** Brief **
A faithful copy of every record is needed here. Images must not appear in it.
BEGIN Records shown
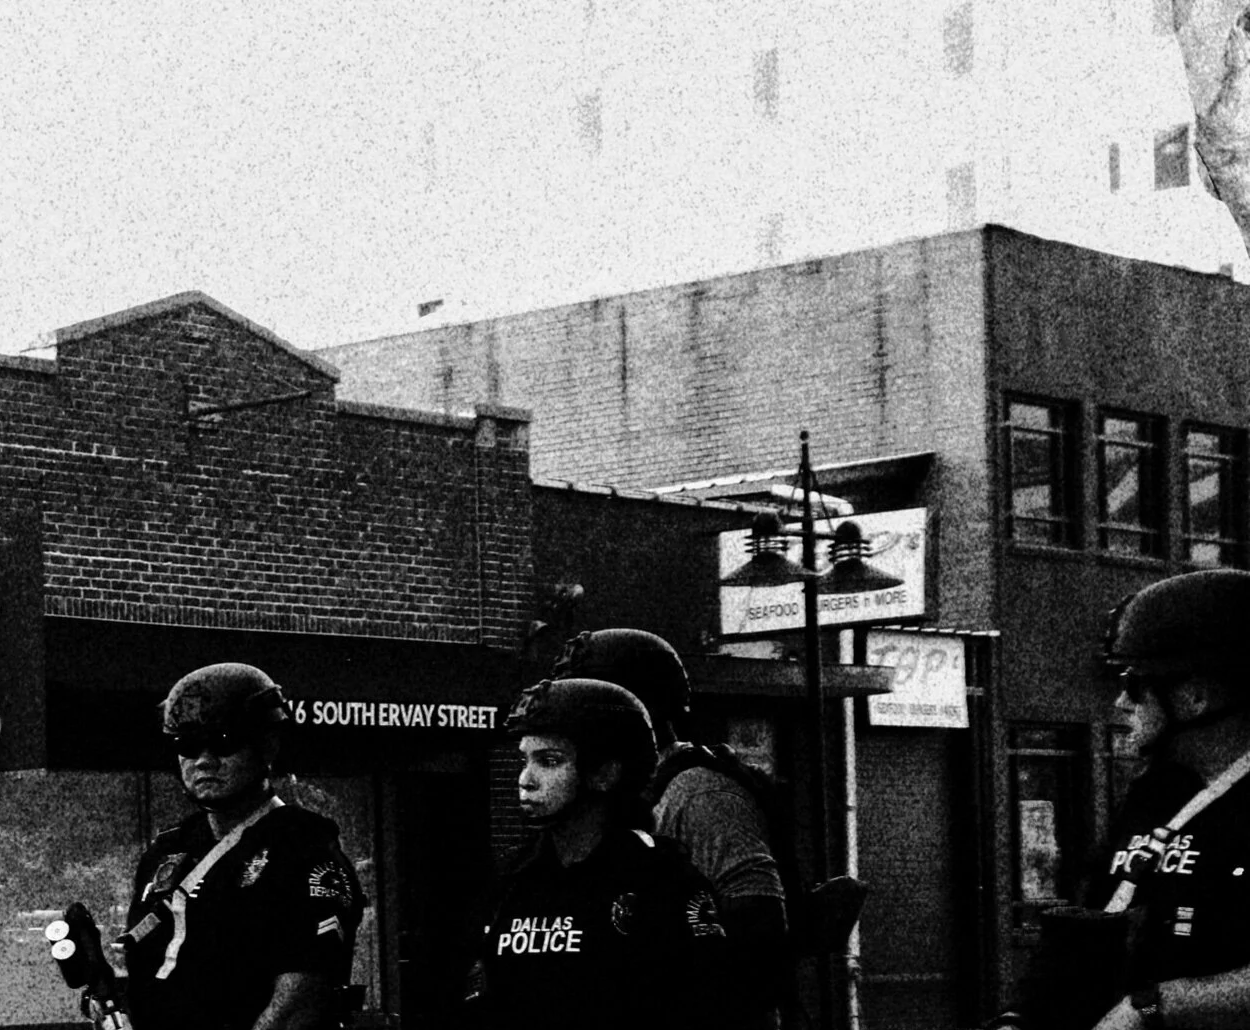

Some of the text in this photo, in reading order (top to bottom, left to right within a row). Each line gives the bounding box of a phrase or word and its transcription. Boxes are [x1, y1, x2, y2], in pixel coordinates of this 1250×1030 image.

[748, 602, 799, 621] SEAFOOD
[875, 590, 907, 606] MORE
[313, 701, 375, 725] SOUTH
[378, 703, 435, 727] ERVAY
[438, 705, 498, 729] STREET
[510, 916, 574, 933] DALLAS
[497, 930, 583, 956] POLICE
END Records shown
** Exercise output **
Some of the text in this photo, in reading order (top to bottom, left to right within a row). Each line gives the bounding box of a phrase or word and its transcription. Boxes are [x1, y1, x2, y2], in pixel coordinates of this 1250×1030 image.

[748, 602, 799, 621] SEAFOOD
[875, 590, 907, 606] MORE
[313, 701, 375, 725] SOUTH
[378, 703, 435, 727] ERVAY
[438, 705, 498, 729] STREET
[510, 916, 574, 933] DALLAS
[497, 930, 583, 956] POLICE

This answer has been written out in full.